The meds work. Why is it no longer justified… for me to take tramadol?

I’ve been urine-tested by a physician’s assistant who saw me when my regular doc couldn’t. There’s been zero indication of abuse or diversion.

I’ll fight like heck because as I see it, losing my medication is also stealing my ability to earn a living and if I don’t fight for that, then what do I fight for?!?! It’s also my quality of life.

My mother was disabled by aggressive osteoarthritis in her 50’s. I saw what it was like for her to get disability. She never lost insurance coverage because she’s married and covered under my father’s insurance. I’m single… If I can’t work, then I can’t afford insurance and with all my other health issues, it would be a slow downward spiral to death. No, I’m not “depressed” — I’m realistic. I’ve had asthma attacks and those inhalers are NOT available as a generic. That would be a terrible way to go.

Thankfully, my physiatrist can still prescribe the tramadol for me, and the neurosurgeon is only consulting for a pituitary cyst. He has no idea what he said to me… how terrifying it was. ZERO idea. That’s what we’re up against.

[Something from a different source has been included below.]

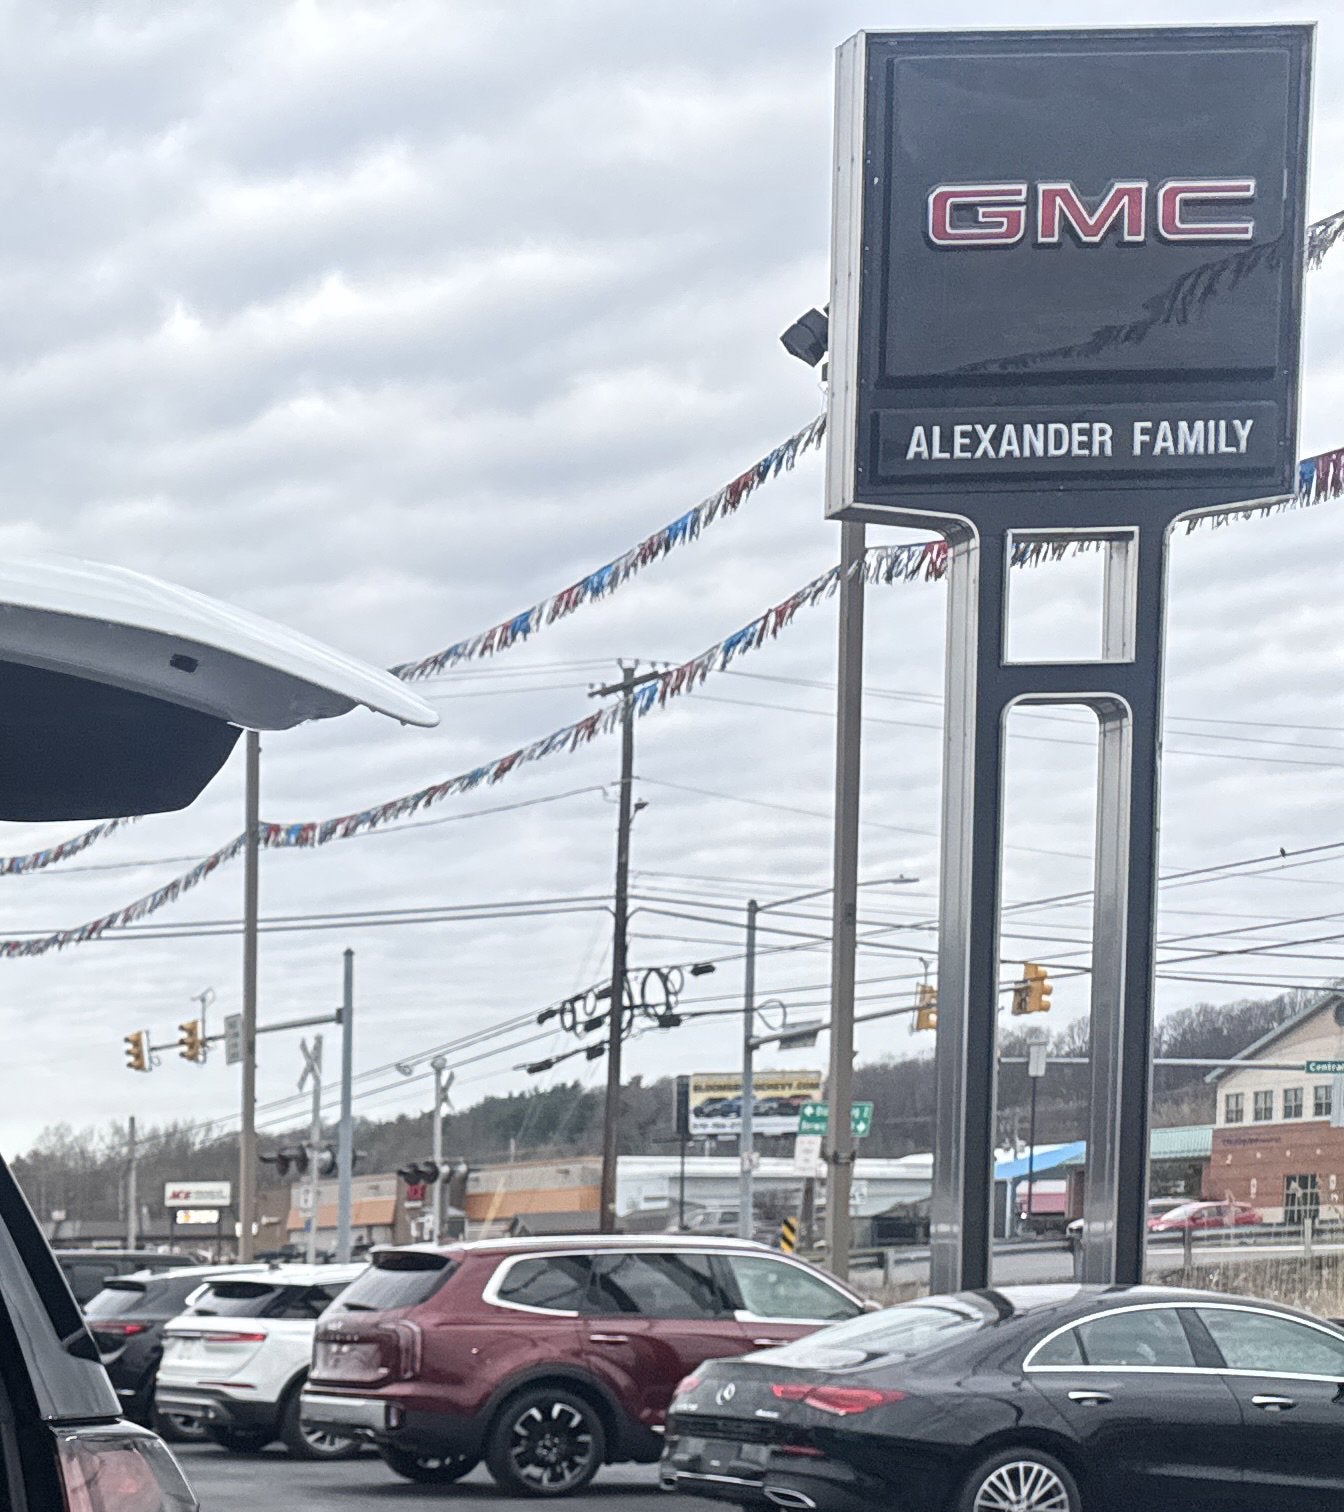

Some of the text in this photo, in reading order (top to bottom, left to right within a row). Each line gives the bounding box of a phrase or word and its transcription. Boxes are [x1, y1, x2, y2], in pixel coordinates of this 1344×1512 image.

[928, 180, 1256, 245] GMC
[906, 419, 1254, 460] ALEXANDER FAMILY

Have any in depth studies been done about the side effects of Buprenorphine/Butrans? Although I have read some individual horror stories from some users (in reference to reactions) and, as with anything on the internet, fact vs fiction is hard to interpret for the regular layperson.

Danielle Betz

This medication, Buprenorphine, is the single hardest opioid to come off of. They are finding it absorbs deep into bone marrow and lingers so long that it almost appears as if it was designed to make all users permanently dependent. Yes, this is a better alternative to heroin and Fentanyl, but it’s a living nightmare to come off. Some never do.


In the UK, and myself personally have been prescribed a low dosage of slow release morphine sulphate capsule called zomorph for chronic pain, taken every 12 hours this does not create the initial euphoria and crash that some others do or liquid oramorph does, but with some other pain medication does help keep the pain at bay a little. Also despite still having some pain with the slow release I do not feel I actually want to take more.